月刊警察 2015年 3月号 MONTHLY KEYWORDS
月刊警察

休廃業

資産的には余力があるにもかかわらず,企業が事業活動を停止している状態を指す。官公庁等への廃業届が未提出であっても,活動が停止されていれば休廃業となる。

要因は,業績の低迷だけでなく,後継者の不在により休廃業を余儀なくされるというケースも増えつつある。

一方,会社が解散の登記を完了している場合は休廃業と区別し,「解散」と呼ばれる。解散の場合は,全事業が停止され,事業所も閉鎖されているため,同じ企業体として活動を再開する可能性はない。

今年1月に樺骰巣fータバンクが発表した調査報告によれば,昨年休廃業・解散した事業者数は約2万4,000件。倒産件数の2.6倍に上り,そのうち3割は建設業という。一昨年より総数は減少したが,代表者が70歳以上である企業の休廃業・解散件数は増え続けている。

ISIL (アイシル)

中東を拠点にテロ活動を繰り広げているイスラム過激派組織,いわゆる「イスラム国」を指す呼称の一つで,「イラクとレバントのイスラム国」の頭文字をとったもの。同組織は2014年まで,「ISIS」(イラクとシャムのイスラム国)の名で活動しており,昨年6月に国家樹立を宣言,「イスラム国」(IS;Islamic State)を自称している。

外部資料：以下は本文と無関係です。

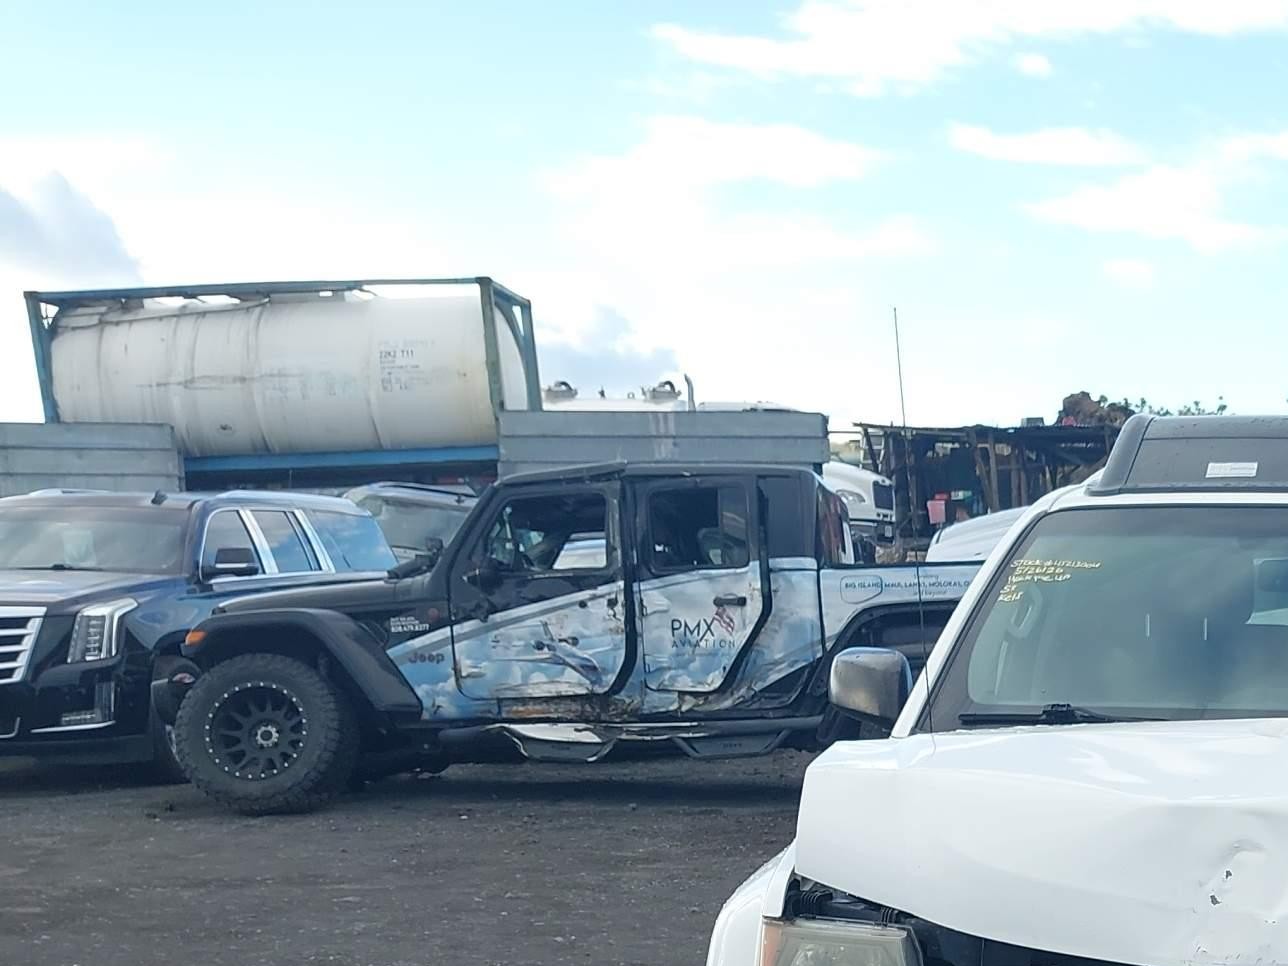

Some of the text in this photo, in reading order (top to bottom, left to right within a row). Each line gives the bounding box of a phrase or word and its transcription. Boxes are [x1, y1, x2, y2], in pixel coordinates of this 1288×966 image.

しかし,国家として承認されているわけではないため,各メディアがそれぞれ複数の呼称を使用している。今年1月,自民党は同組織をISILと呼ぶ方針を固めた。これは,「我が国がイスラムの国々と対峙しているわけではなく,また,同組織を国家として承認しているかのような印象を避けるため」と説明されている。

国産テロリスト

これまで,先進国におけるテロ行為は,2001年のアメリカ同時多発テロのように,テロ組織の本拠地から実行犯が渡航し,犯行に及ぶケースが大半だった。しかし近年は,先進国出身者が過激派思想に感化され,自国を攻撃対象としたテロ行為を起こす事件が増加している。

例えば,2013年に米国で発生したボストンマラソン爆発事件の実行犯は,チェチェン出身で米国籍を取得した20代の若者であり,今年1月にフランスで起きたシャルリーエブド銃撃事件も,フランス国籍をもつ国産テロリストによる犯行だった。

近年は,イスラム過激派がインターネットを通じ先進国の若者を感化し,戦闘訓練を施して自国で破壊行為等を実行させる例も起きている。

国産テロリストは,必ずしも過激派組織に所属しているとは限らず,事前に発見することは困難なため,今後の早急な対策が求められている。